Looks like you have something more serious going on - some resource guarding. Definitely keep the baby behind a baby gate for now.

Resource guarding is very common in puppies and it's a much discussed issue around here so please know that many of us, including myself, have seen this behaviour in our Goldens, and that it can be overcome with some intervention. But it can also get worse if you don't do anything about it. 

Resource guarding stems from competition over resources that puppies experience in the litter and it is not unusal for puppies to use growls to communicate with other puppies. When they come into a human household they have to be shown that there is no need to guard food, that there is enough for everyone and that those around them can be trusted. That's why taking food away from a puppy randomly while they're eating can inadvertendly make resource guarding worse. You want to tell them that you can eat in peace and have nothing to worry about.

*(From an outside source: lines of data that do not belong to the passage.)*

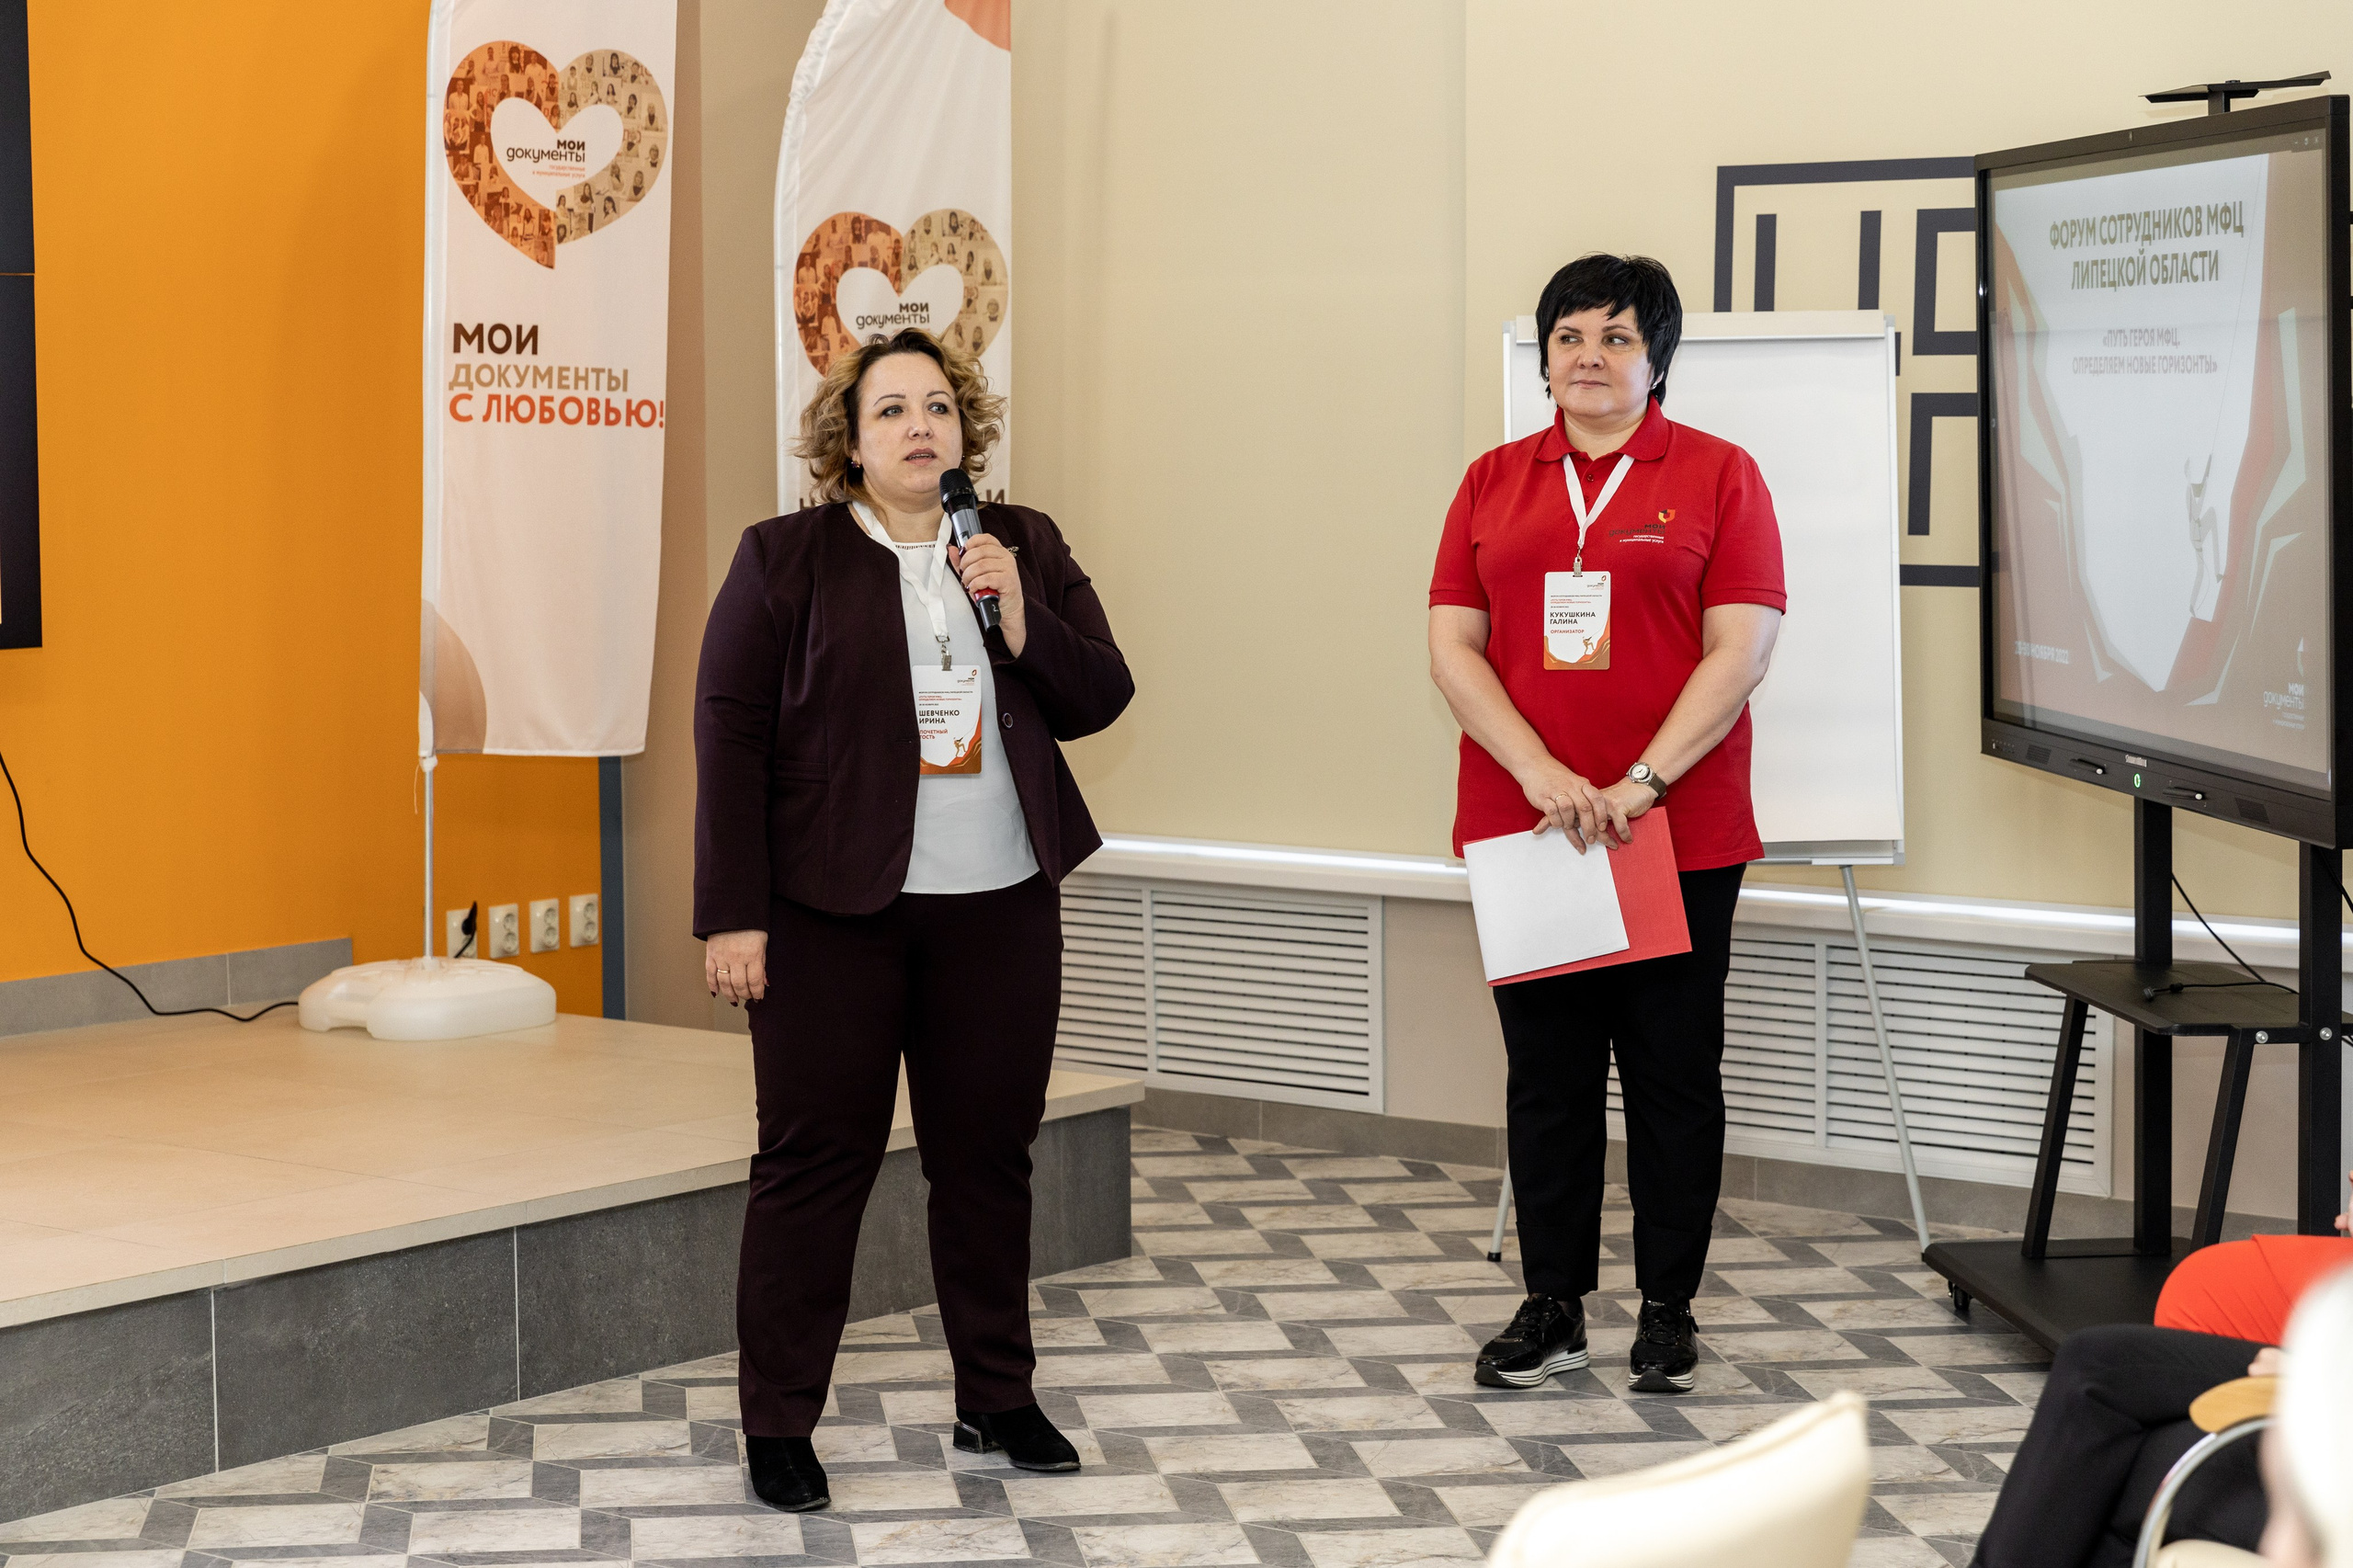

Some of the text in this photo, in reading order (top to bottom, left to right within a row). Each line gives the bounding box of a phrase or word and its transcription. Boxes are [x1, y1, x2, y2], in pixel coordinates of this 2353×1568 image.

[506, 147, 585, 164] документы
[2050, 200, 2244, 250] ФОРУМ СОТРУДНИКОВ МФЦ
[2072, 248, 2219, 291] ЛИПЕЦКОЙ ОБЛАСТИ
[856, 313, 930, 330] документы
[453, 323, 539, 355] МОИ
[2130, 328, 2154, 347] ГЕРОЯ
[449, 363, 629, 392] ДОКУМЕНТЫ
[2072, 354, 2218, 376] ОПРЕДЕЛЯЕМ НОВЫЕ ГОРИЗОНТЫ»
[449, 393, 665, 428] С ЛЮБОВЬЮ!
[2264, 691, 2304, 710] документы
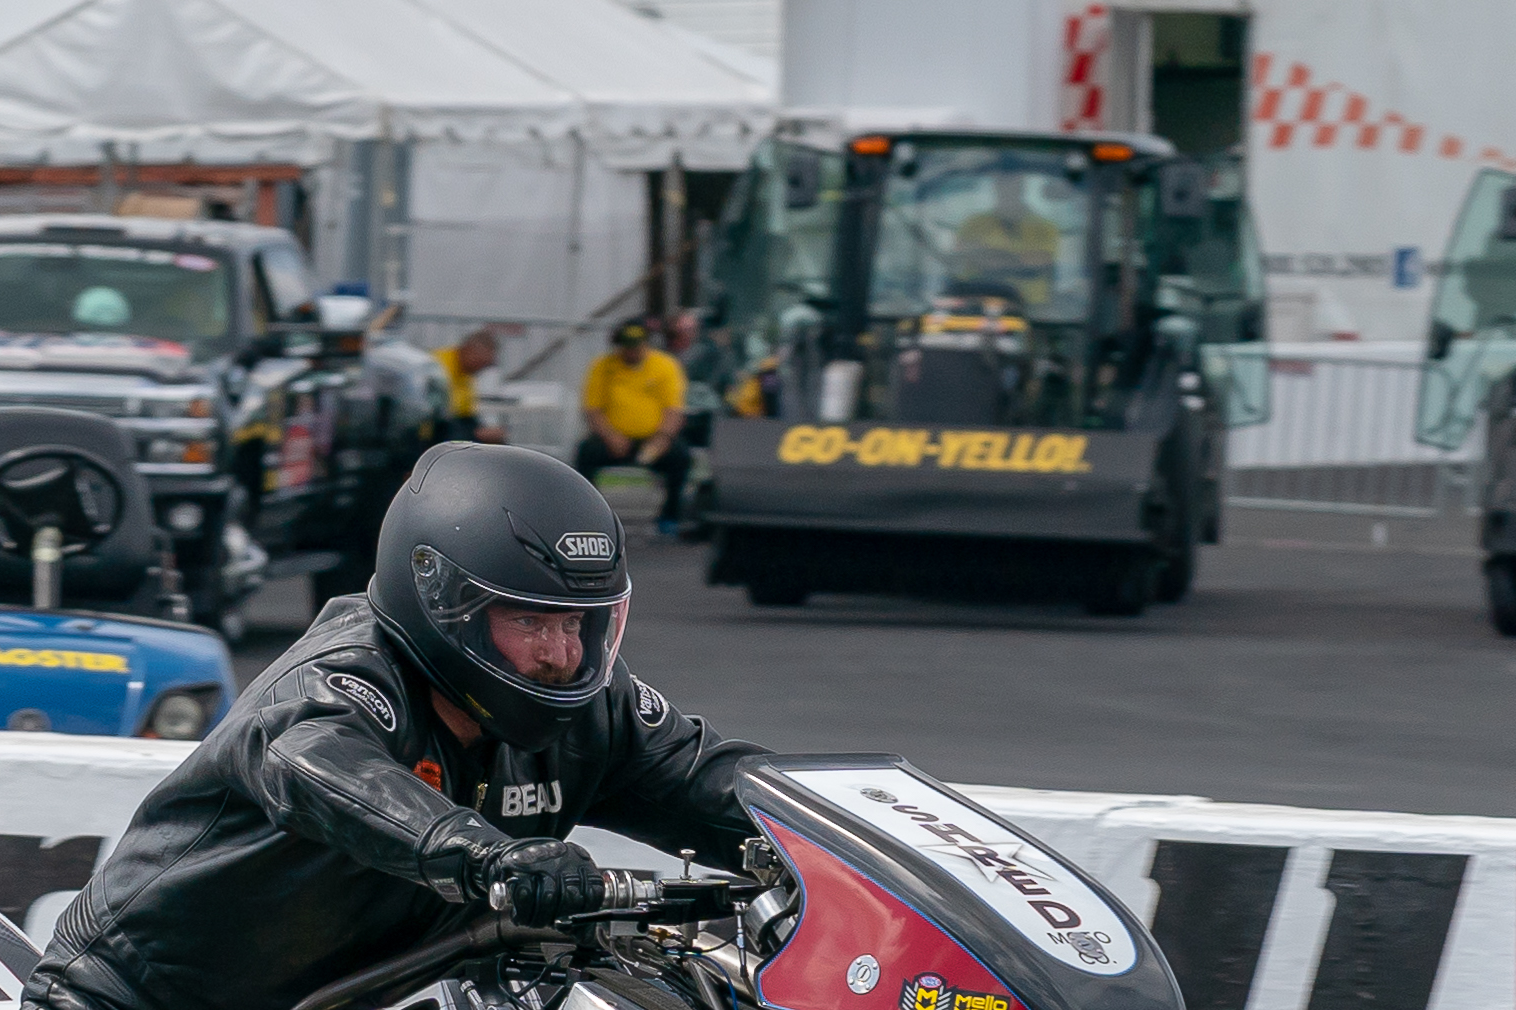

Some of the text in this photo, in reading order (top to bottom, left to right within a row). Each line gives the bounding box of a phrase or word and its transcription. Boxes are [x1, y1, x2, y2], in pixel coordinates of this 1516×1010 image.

[565, 537, 610, 556] SHOEI
[341, 677, 392, 720] vanson
[502, 780, 562, 816] BEAU
[892, 804, 1082, 930] SHRED
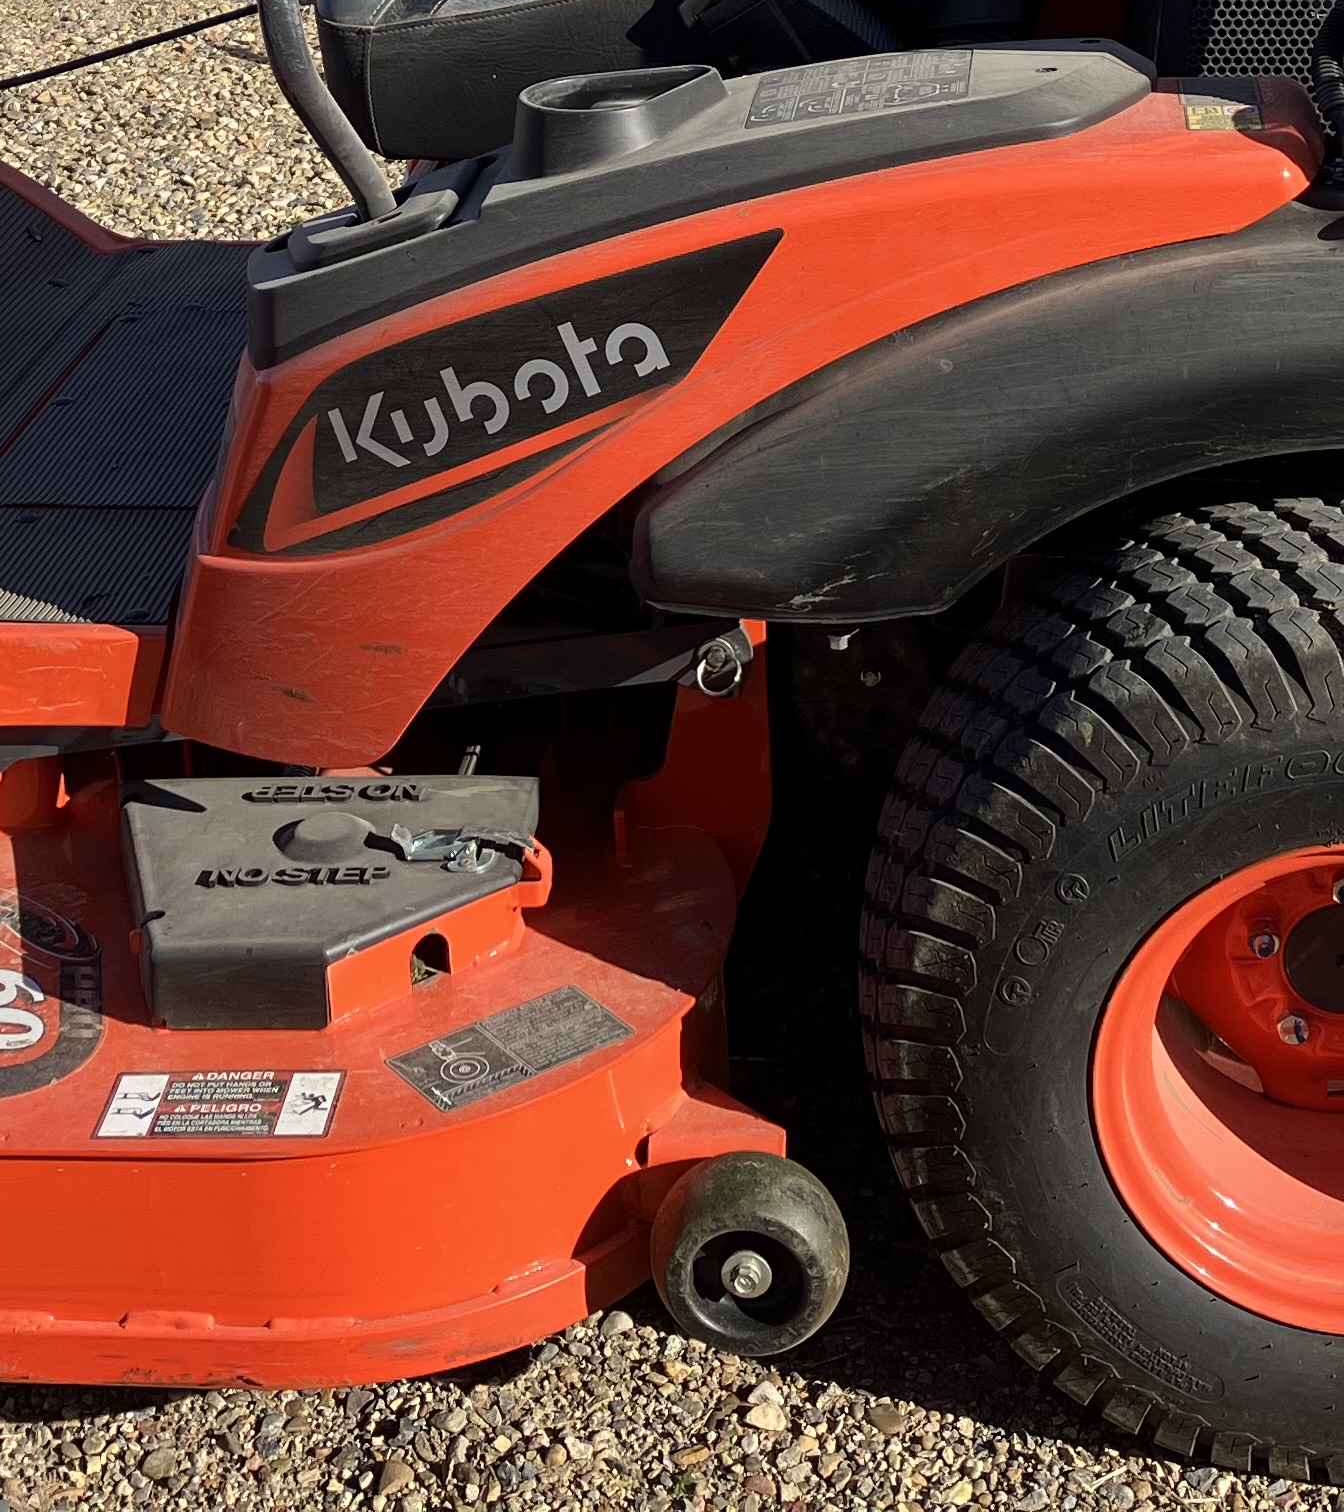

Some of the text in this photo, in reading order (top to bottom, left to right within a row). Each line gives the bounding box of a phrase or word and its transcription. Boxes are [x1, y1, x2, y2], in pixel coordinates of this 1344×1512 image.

[327, 321, 671, 469] Kubota
[242, 782, 426, 804] NO STEP
[196, 866, 392, 888] NO STEP
[206, 1071, 275, 1081] DANGER
[252, 1086, 280, 1094] WHEN
[189, 1103, 263, 1113] PELIGRO
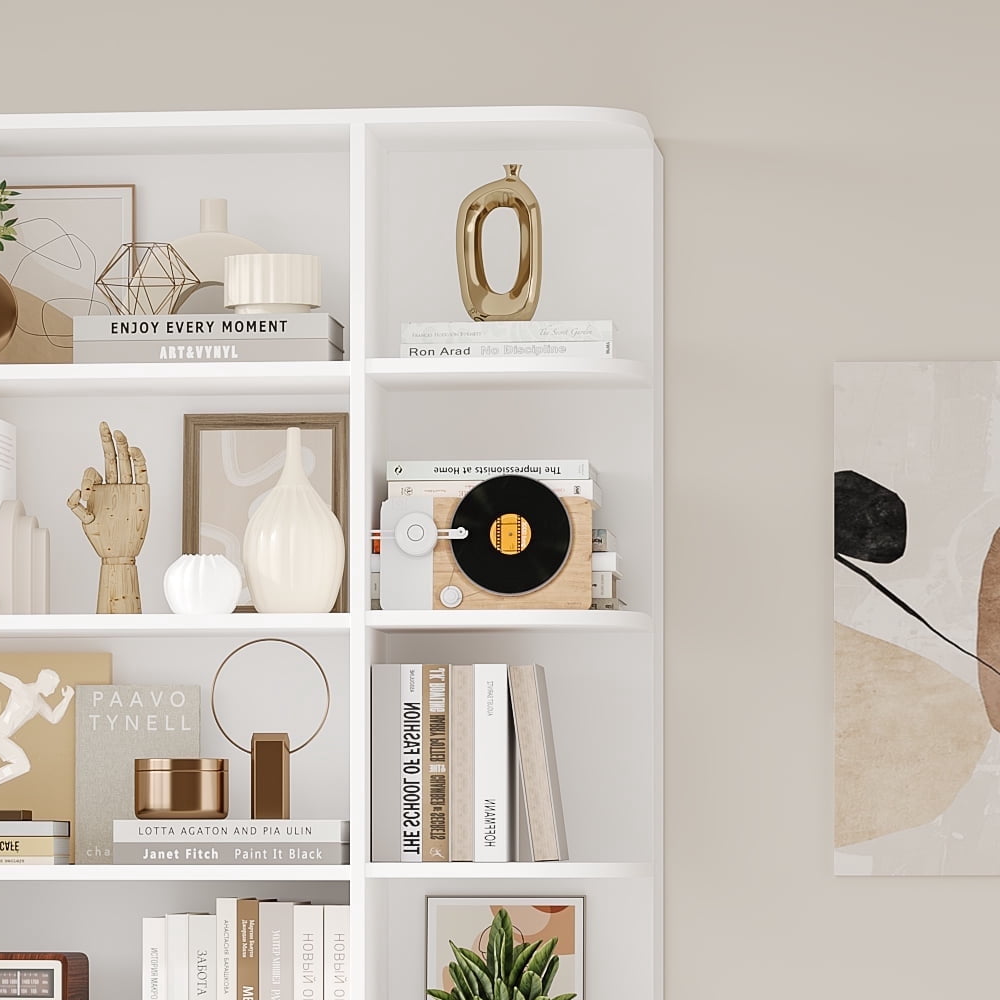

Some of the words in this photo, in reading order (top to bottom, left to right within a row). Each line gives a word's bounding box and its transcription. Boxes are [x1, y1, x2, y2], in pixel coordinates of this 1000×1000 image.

[110, 320, 161, 335] ENJOY
[166, 320, 214, 335] EVERY
[221, 320, 288, 335] MOMENT
[159, 345, 238, 360] ART&VYNYL
[409, 348, 435, 356] Ron
[440, 347, 471, 356] Arad
[434, 465, 460, 474] Home
[463, 466, 472, 474] at
[475, 466, 542, 476] Impressionists
[545, 466, 561, 474] The
[93, 691, 186, 708] PAAVO
[89, 714, 191, 731] TYNELL
[138, 826, 175, 836] LOTTA
[181, 826, 228, 836] AGATON
[234, 826, 257, 836] AND
[263, 826, 281, 836] PIA
[286, 826, 312, 836] ULIN
[143, 848, 179, 860] Janet
[186, 848, 219, 860] Fitch
[234, 848, 268, 860] Paint
[274, 848, 283, 860] It
[289, 848, 322, 860] Black
[302, 933, 315, 984] НОВЫЙ
[333, 933, 346, 984] НОВЫЙ
[195, 950, 208, 996] ЗАБОТА

Please contact a good trainer that works with dogs in a positive way or a behaviourist. You can also start taking puppy to puppy socialization classes with the trainer or with someone he/she recommends.

Many forum members recommend the book "Mine". It is short and cheap. The best resource on resource guarding aside from a good professional. Mine! A Practical Guide to Resource Guarding in Dogs: Amazon.ca: Jean Donaldson: Books 

For now, remove the chewie that triggered the growl and keep puppy and kids apart, especially around high value items. Feed in a separate area and either leave puppy alone during meals or hand feed one kibble at a time. You can also feed the whole meal as part of training exercises. 

Please keep us updated!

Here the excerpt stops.